Quick Links

Re: Incorrect result of bitmap heap scan.

From:	Matthias van de Meent <boekewurm+postgres(at)gmail(dot)com>
To:	Andres Freund <andres(at)anarazel(dot)de>
Cc:	Andrew Dunstan <andrew(at)dunslane(dot)net>, Melanie Plageman <melanieplageman(at)gmail(dot)com>, Thomas Munro <thomas(dot)munro(at)gmail(dot)com>, Konstantin Knizhnik <knizhnik(at)garret(dot)ru>, PostgreSQL Hackers <pgsql-hackers(at)postgresql(dot)org>, Alexander Kuzmenkov <akuzmenkov(at)timescale(dot)com>, Tom Lane <tgl(at)sss(dot)pgh(dot)pa(dot)us>
Subject:	Re: Incorrect result of bitmap heap scan.
Date:	2024-12-04 11:56:08
Message-ID:	CAEze2WiHrnpXU33p7fcbrUyRByfK9jStVHqjxJNTzAhObyCooA@mail.gmail.com
Views:	Raw Message \| Whole Thread \| Download mbox \| Resend email
Thread:
Lists:	pgsql-hackers

On Mon, 2 Dec 2024 at 17:31, Andres Freund <andres(at)anarazel(dot)de> wrote:
>
> Hi,
>
> On 2024-12-02 16:08:02 +0100, Matthias van de Meent wrote:
> > Concurrency timeline:
> >
> > Session 1. amgetbitmap() gets snapshot of index contents, containing
> > references to dead tuples on heap P1.
>
> IIUC, an unstanted important aspect here is that these dead tuples are *not*
> visible to S1. Otherwise the VACUUM in the next step could not remove the dead
> tuples.

Correct, this is about TIDs that are dead to all transactions, so
which might already be LP_DEAD in the heap.

> > PS.
> > I don't think the optimization itself is completely impossible, and we
> > can probably re-enable an optimization like that if (or when) we find
> > a way to reliably keep track of when to stop using the optimization. I
> > don't think that's an easy fix, though, and definitely not for
> > backbranches.
>
> One way to make the optimization safe could be to move it into the indexam. If
> an indexam would check the VM bit while blocking removal of the index entries,
> it should make it safe. Of course that has the disadvantage of needing more VM
> lookups than before, because it would not yet have been deduplicated...

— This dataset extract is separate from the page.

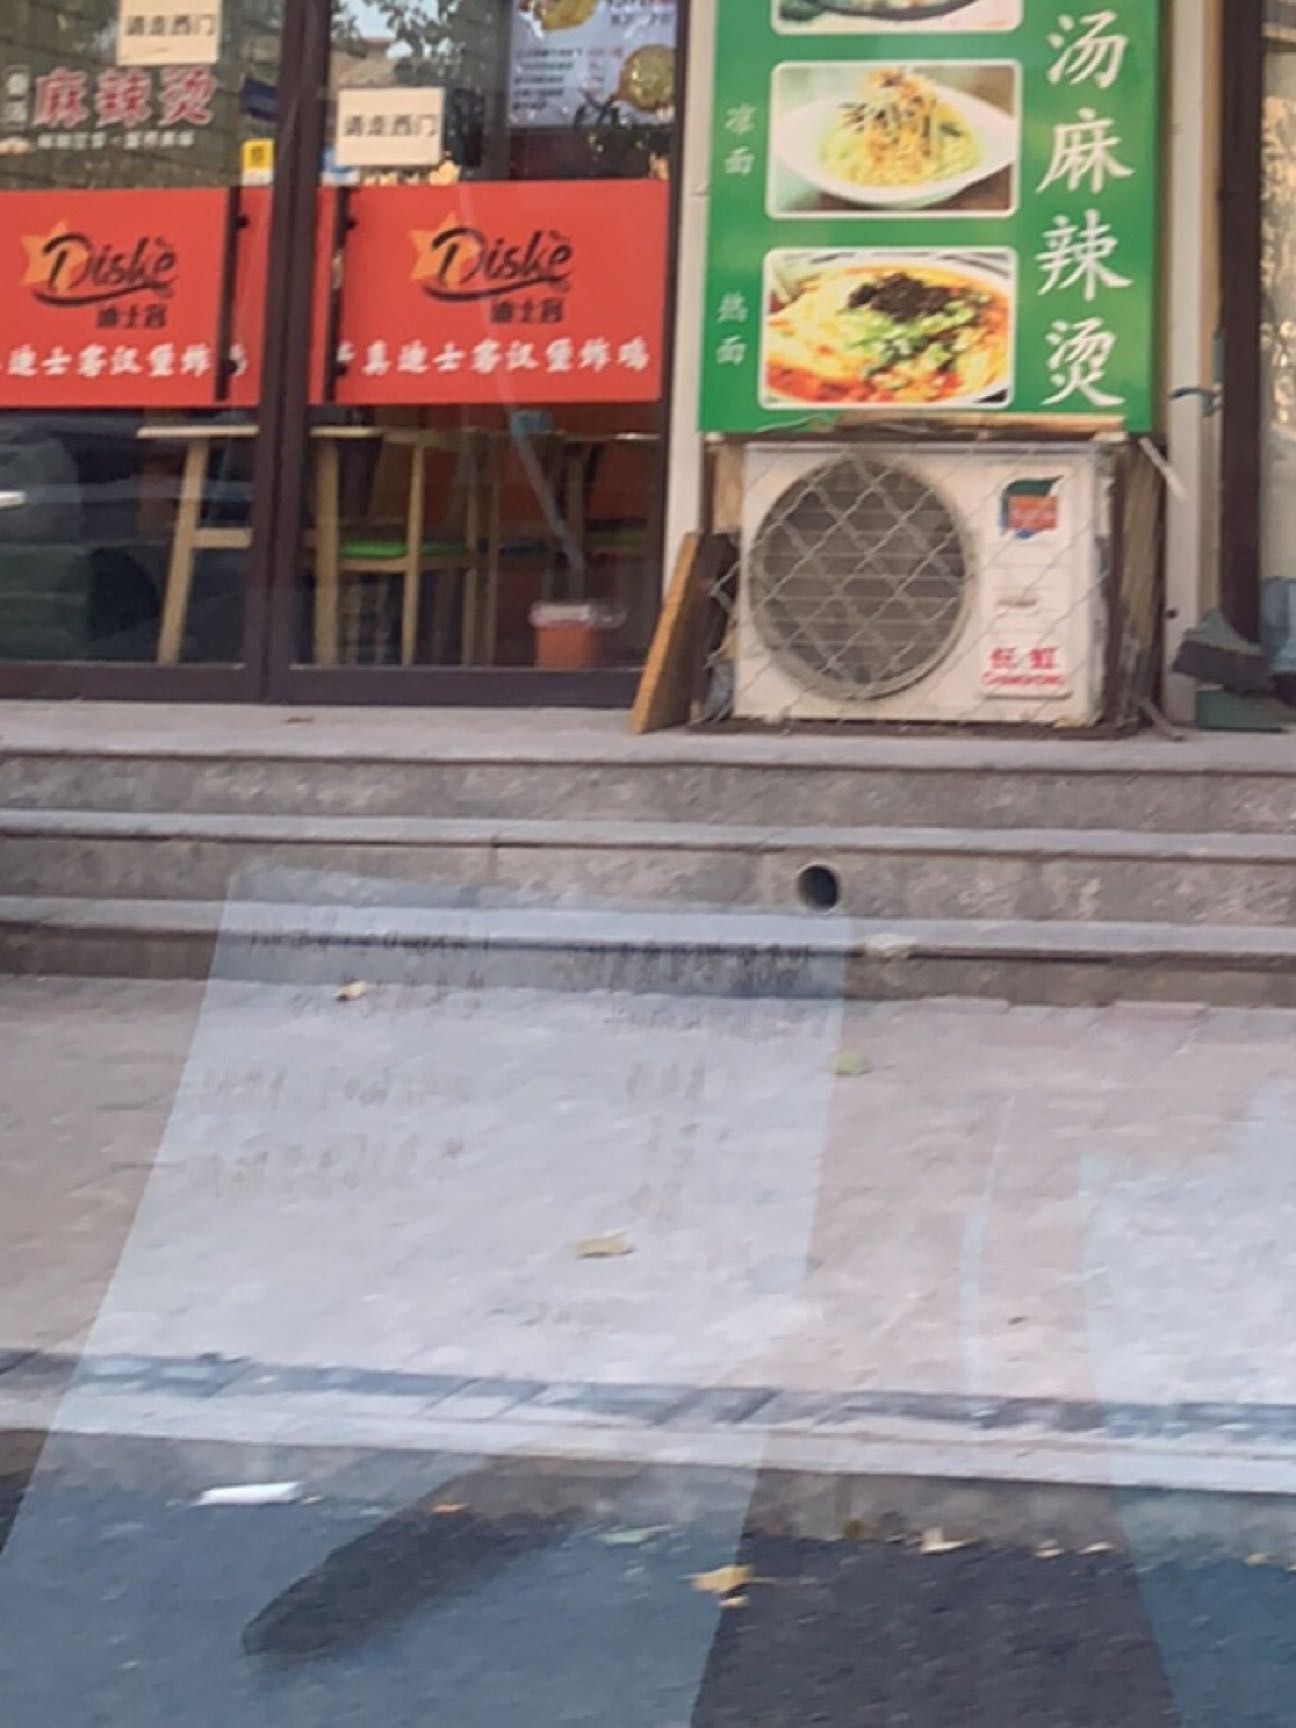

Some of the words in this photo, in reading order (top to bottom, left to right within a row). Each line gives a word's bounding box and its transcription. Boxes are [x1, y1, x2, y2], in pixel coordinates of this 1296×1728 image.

I'm -0.5 on adding visibility checking to index AM's contract. The
most basic contract that an index AM must implement is currently:

1. Store the index tuples provided by aminsert()
2.a With amgettuple, return at least all stored TIDs that might match
the scankey (optionally marked with recheck when the AM isn't sure
about the TID matching the scankeys, or when returning TIDs not
provided by aminsert()), or
2.b With amgetbitmap, return a bitmap containing at least the TIDs
that match the description of 2.a (i.e. allows an index to have an
optimized approach to adding outputs of 2.a into a bitmap)
3. Remove all the bulkdelete-provided tids from its internal structures

Note that visibility checking is absent. Any visibility or dead tuple
hints (through e.g. kill_prior_tuple, or calling
table_index_delete_tuples) are optimizations which are not required
for basic index AM operations, and indeed they are frequently not
implemented in index AMs. Adding a requirement for index AMs to do
visibility checks would IMO significantly change the current
API/layering contracts.

> Another issue with bitmap index scans is that it currently can't use
> killtuples. I've seen several production outages where performance would
> degrade horribly over time whenever estimates lead to important queries to
> switch to bitmap scans, because lots of dead tuples would get accessed over
> and over.
>
> It seems pretty much impossible to fix that with the current interaction
> between nodeBitmap* and indexam. I wonder if we could, at least in some cases,
> and likely with some heuristics / limits, address this by performing some
> visibility checks during the bitmap build.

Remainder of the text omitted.